ABSTRACT:
Cytomegalovirus (CMV) infection is a prevalent complication among allogeneic hematopoietic stem cell transplant (allo‐HSCT) recipients, posing significantly impact on clinical outcomes and healthcare costs. This study aims to assess the clinical and economic burden of CMV infection in hospitalized adult allo‐HSCT recipients in China. A retrospective analysis was conducted using electronic medical records from two tertiary hospitals in China. A total of 1977 patients who underwent allo‐HSCT while hospitalized between 1 January 2016 and 31 December 2021 were included in the study and followed up for 180 days. Data on CMV clinical characteristics, hospitalization duration, complications, and healthcare costs were collected and analyzed. CMV infection/disease was observed in 542 patients during the hospitalization of the allo‐HSCT procedure, leading to longer hospital stays (69.36 [SD 23.15] vs 37.77 [SD 13.22] days,
p
< 0.001) and increased medical expenses (US$60,152.98 [SD 30,190.82] vs $34,430.88 [17,723.65],
p
< 0.001).
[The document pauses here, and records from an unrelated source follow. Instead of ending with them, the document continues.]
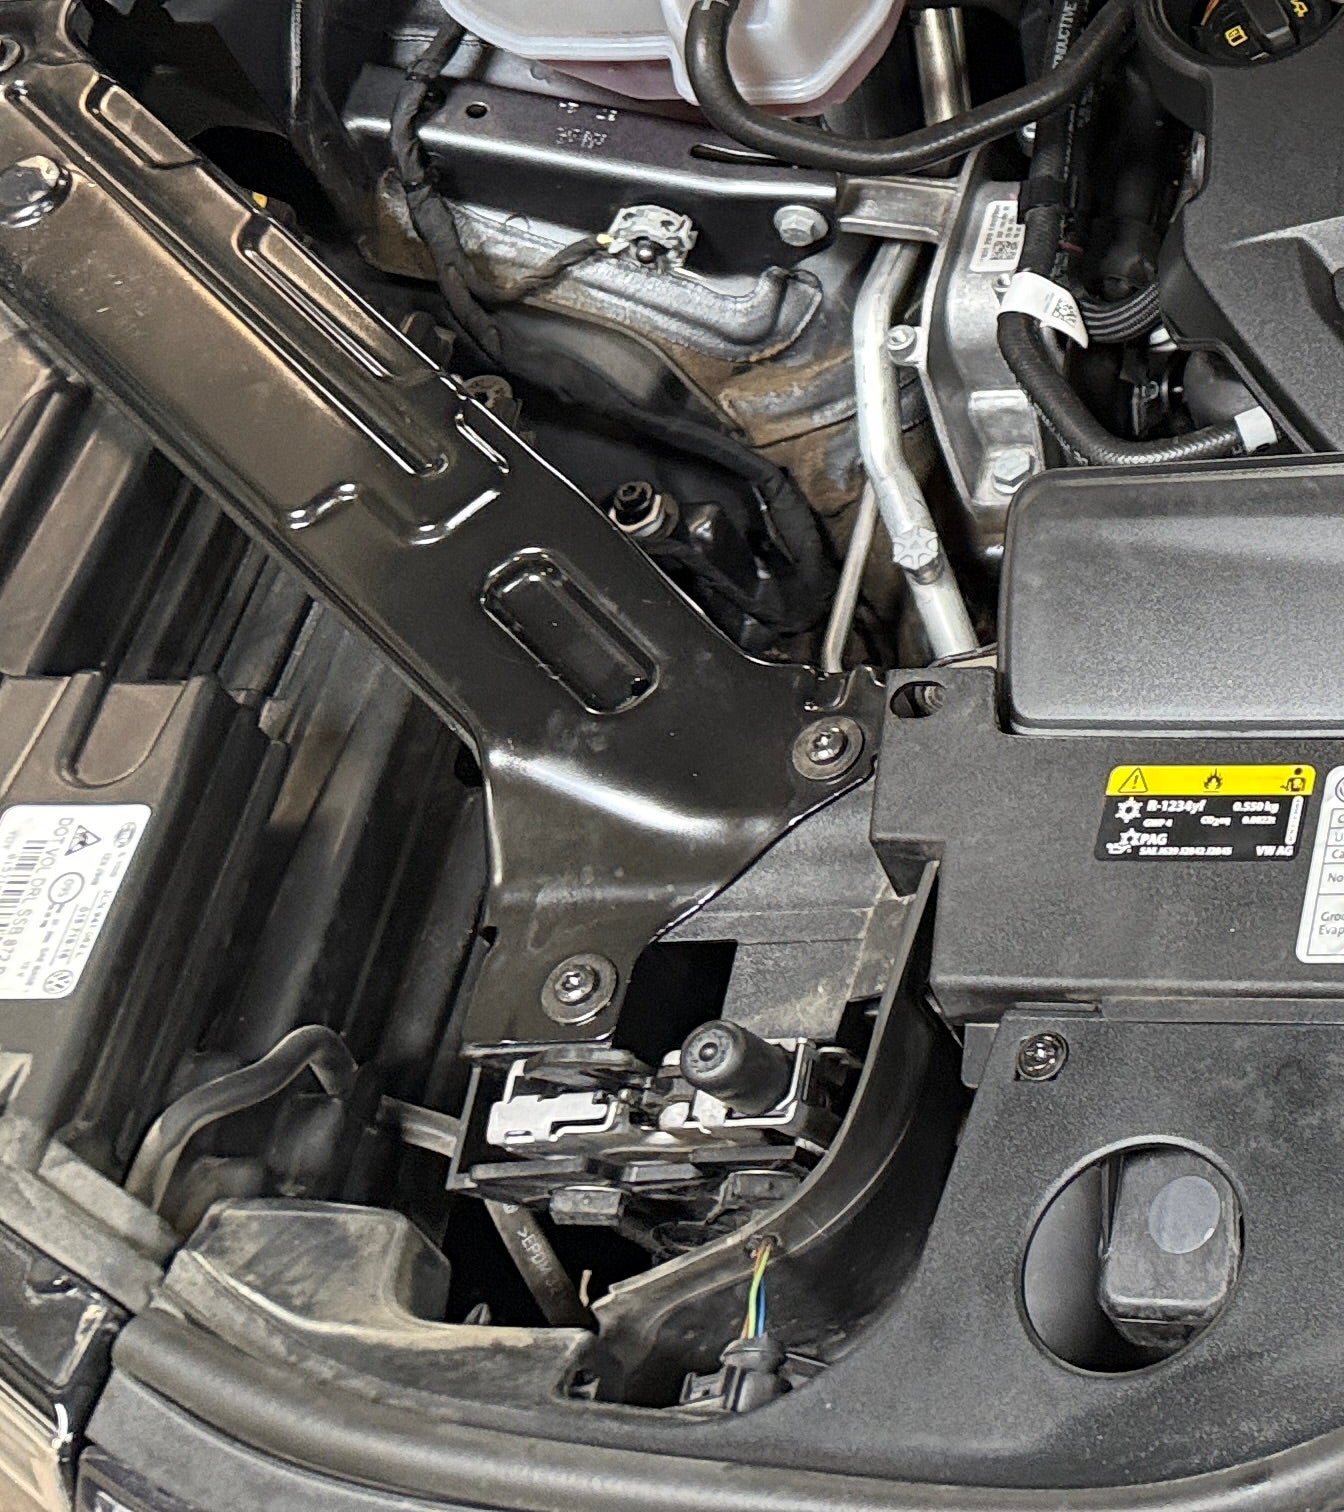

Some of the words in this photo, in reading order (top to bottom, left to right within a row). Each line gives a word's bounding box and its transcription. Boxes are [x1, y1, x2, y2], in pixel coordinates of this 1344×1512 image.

[1146, 799, 1208, 814] R-1234yf
[1232, 801, 1264, 812] 0.550
[1264, 801, 1280, 813] kg
[53, 817, 74, 844] DOT
[1140, 832, 1168, 845] PAG
[1255, 845, 1277, 856] VW
[1276, 845, 1294, 856] AG
[36, 848, 60, 873] VOL
[1327, 872, 1344, 882] No
[21, 878, 46, 903] DRL
Patients with CMV infection/disease had higher rates of complications, such as graft‐versus‐host disease (52.21% vs 19.65%,
p
< 0.001), and required more extensive use of granulocyte colony‐stimulating factor, red blood cell and platelet transfusion, antifungals drugs, and antibacterials drugs. CMV infection/disease imposes significant clinical and economic burdens on hospitalized allo‐HSCT recipients in China. Effective monitoring and prevention strategies are essential to mitigate these impacts, improve patient outcomes, and reduce healthcare costs.